Abstract
Background
After the implementation of 7-valent pneumococcal conjugate vaccine (PCV7), in several countries, serotype 19A is now the serotype most frequently involved in pneumococcal diseases and carriage. To determine factors potentially related to 19A nasopharyngeal (NP) carriage we analyzed data from an ongoing prospective French national surveillance study of pneumococcal NP carriage in young children.
Methods
NP swabs were obtained from children aged 6 to 24 months, either during routine check-ups with normal findings, or when they presented with acute otitis media (AOM). The swabs were sent for analysis to the French National Reference Centre for Pneumococci. Factors influencing pneumococcal carriage and carriage of penicillin non-susceptible (PNSP), 19A and PNS-19A were investigated by multivariate logistic regression.
Results
From 2006 to 2009, 66 practitioners enrolled 3507 children (mean age 13.6 months), of whom, 98.3% of children had been vaccinated with PCV7 and 33.4% of children attended daycare centres (DCC). Serotype 19A was found in 10.4% of the overall population, 20.5% of S. pneumoniae carriers (n = 1780) and 40.8% of PNSP carriers (n = 799). Among 19A strains, 10.7% were penicillin-susceptible, 80% intermediate and 9.3% fully resistant. Logistic regression analysis showed that the main factors associated with PNSP carriage were AOM (OR = 3.09, 95% CI [2.39;3.98]), DCC (OR = 1.70, 95% CI [1.42;2.03]), and recent antibiotic use (OR = 1.24, 95% CI [1.05;1.47]. The main factors predictive of 19A carriage were recent antibiotic use (OR = 1.81, 95% CI [1.42;2.30]), AOM (OR = 1.67, 95% CI [1.11;2.49]), DCC (OR = 1.56, 95% CI [1.21;2.2] and young age, <12 months (OR = 1.51, 95% CI [1.16;1.97]).
Conclusion
In a population of children aged from 6 to 24 months with a high rate of PCV7 vaccination coverage, we found that antibiotic exposure, DCC attendance and AOM were linked to 19A carriage.
Background
An increase in the incidence of S. pneumoniae serotype 19A isolation has been observed in many countries, and 19A is now the serotype most frequently isolated from patients with invasive and mucosal pneumococcal diseases [1-4]. Serotype 19A is also a frequent nasopharyngeal (NP) carriage serotype, and is frequently resistant to antibiotics [3,5,6]. Most non-PCV7 serotypes do not share all of these properties, and it is important to identify factors determining carriage serotype patterns [7]. In France, the increasing involvement of serotype 19A in NP carriage, AOM and invasive disease is related to clonal expansion of the pre-existing penicillin-intermediate ST 276, [5,8] whereas in the US the increase in serotype 19A is mainly attributed to ST199 and the multidrug-resistant clone ST 320 [4]. Vaccine escape was first reported in the US by Brueggeman et al. Around 2003, recombination occurred between the recipient ST695 serotype 4 and donor ST199 serotype 19A, simultaneously resulting in the non vaccine capsular type and penicillin intermediate-resistant ST695 19A pneumococci.
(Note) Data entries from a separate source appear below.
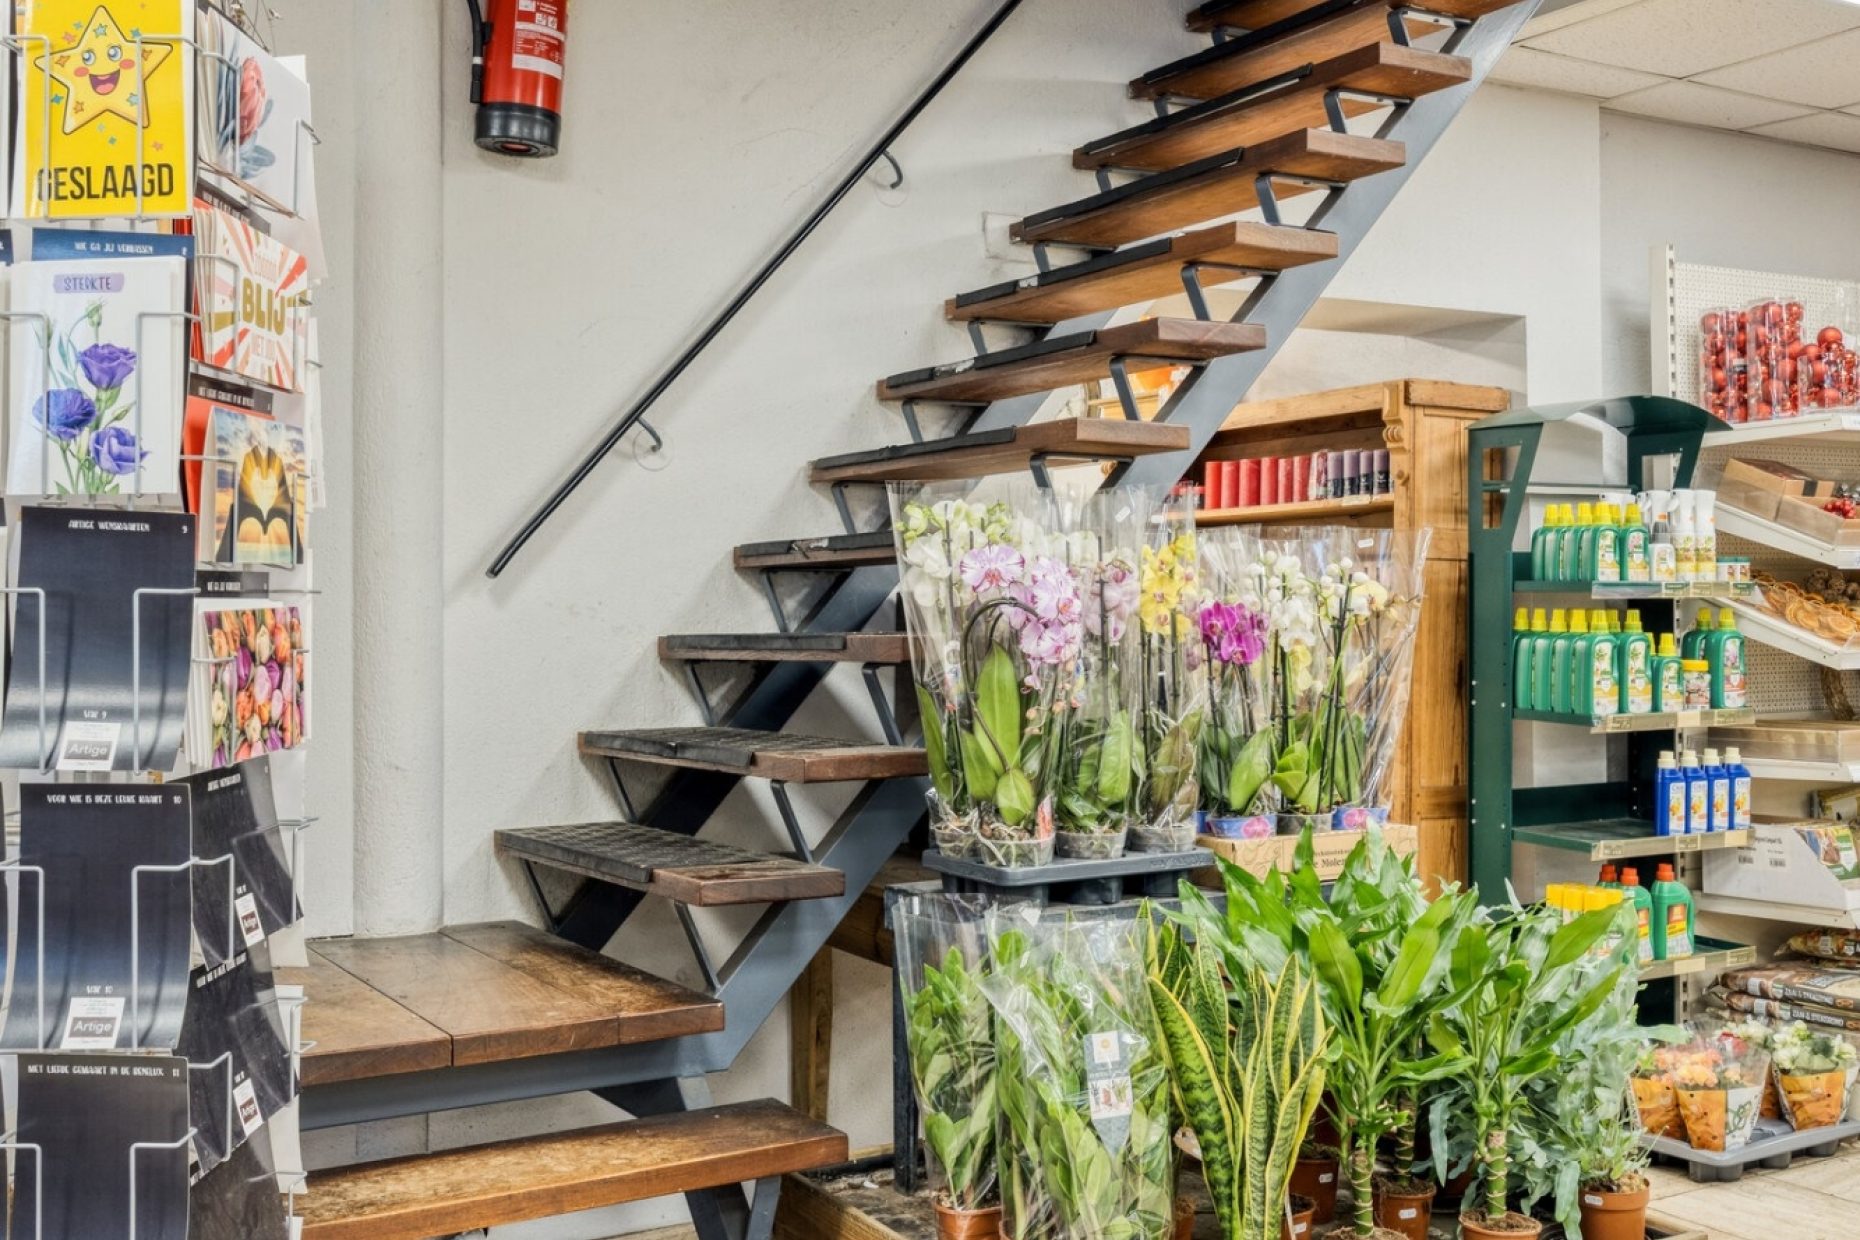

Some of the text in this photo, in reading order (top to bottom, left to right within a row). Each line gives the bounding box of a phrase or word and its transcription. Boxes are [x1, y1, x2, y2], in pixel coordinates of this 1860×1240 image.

[37, 163, 173, 201] GESLAAGD
[64, 277, 111, 291] STERKTE
[242, 277, 285, 336] BLIJ
[68, 520, 94, 529] ARTIGE
[69, 743, 108, 757] Artige
[47, 795, 181, 804] VOOR WIE IS DEZE LEUKE KAART 10
[74, 1020, 113, 1035] Artige
[28, 1064, 43, 1073] MET
[72, 1065, 106, 1075] GEMAAKT
[120, 1066, 130, 1075] DE
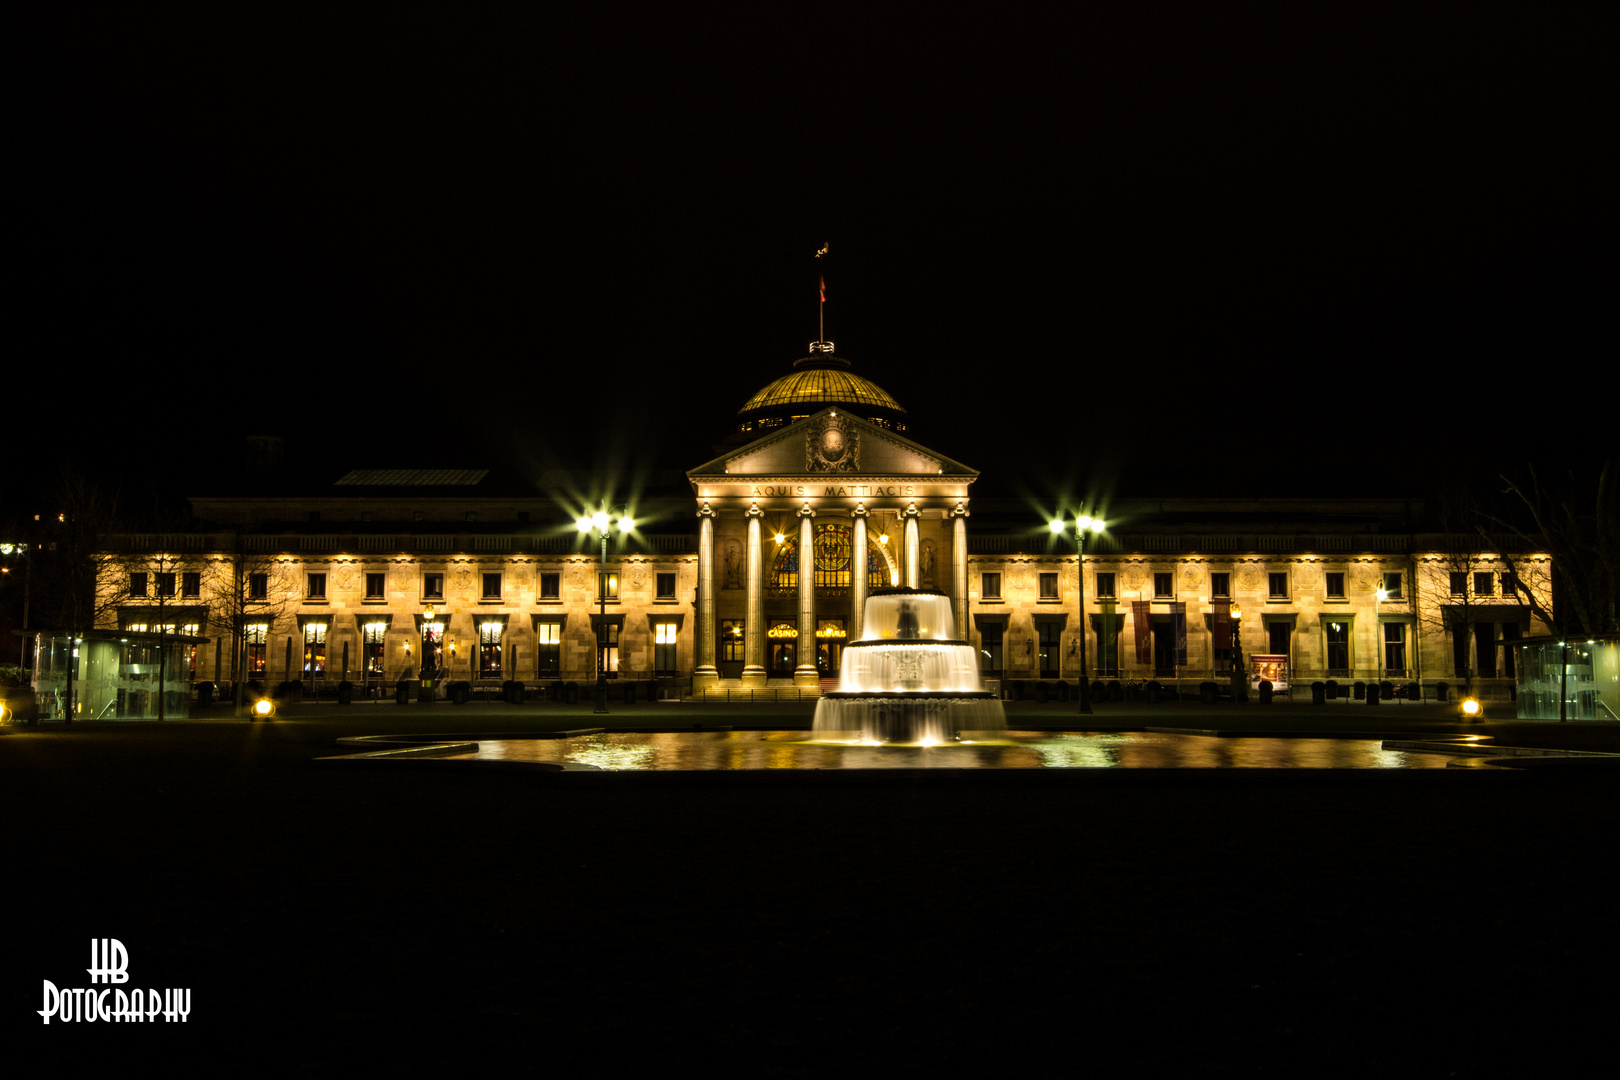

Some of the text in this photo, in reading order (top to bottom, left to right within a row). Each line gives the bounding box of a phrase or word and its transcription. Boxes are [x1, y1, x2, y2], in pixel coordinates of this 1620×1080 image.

[752, 486, 915, 496] AQUIS MATTIACIS
[768, 629, 798, 638] CASINO
With the additional selective advantage of penicillin non susceptibility, the ST695 19A variant continued to spread, becoming in 2007 the fourth most common serotype 19A clonal complex in the US [9]. In several countries, the prevalence of 19A started to rise after implementation of 7-valent pneumococcal conjugate vaccine (PCV7) [4,10] but in Israel and South Korea an increase was noted before the vaccine era, and the observed association with antibiotic use pointed to a role of secular variations [11,12]. The NP flora is the main ecological niche of S. pneumoniae (Sp), and the onset of invasive and non invasive diseases is often preceded by carriage acquisition [13,14]. The marked decline in vaccine serotypes observed since PCV7 was implemented has made room for non vaccine serotypes (NVS) including 19A. We therefore examined factors potentially related to 19A NP carriage by analyzing data from an ongoing prospective French national surveillance study of pneumococcal NP carriage in young children [8,15].
Methods
From November 2006 to June 2009, 66 French pediatricians and general practitioners distributed throughout France took part in a cross-sectional study. An NP swab was obtained from children aged 6 to 24 months, either during routine check-ups with normal findings, or when they presented with AOM. Children were excluded from the study if they had received antibiotics within 7 days before enrolment, or had a severe underlying health disorder, or had already been included in the study during the previous 12 months. Demographic data, the medical history and physical findings were recorded. The study was approved by the Saint Germain en Laye Ethics Committee, and written informed consent was obtained from the parents or guardians. Nasopharyngeal specimens were obtained with cotton-tipped wire swabs. The swabs were inserted into the anterior nares, gently rubbed on the nasopharyngeal wall and immediately placed in transport medium (Copan Venturi Transystem®, Brescia, Italy). The samples were transferred within 48 hours to the French National Reference Centre for Pneumococci. S. pneumoniae culture, identification, serotyping and antibiotic susceptibility testing were performed as previously described [15]. Susceptibility of S. pneumoniae isolates to penicillin G was determined from minimal inhibitory concentrations (MICs) by the agar-dilution method. Isolates were classified as penicillin-susceptible (MIC ≤ 0.06 μg/ml), intermediate (0.12 ≤ MIC ≤ 1.0 μg/ml) or fully resistant (MIC ≥ 2 μg/ml) as recommended by the Antibiogram Committee of the French Society of Microbiology [8,15,16].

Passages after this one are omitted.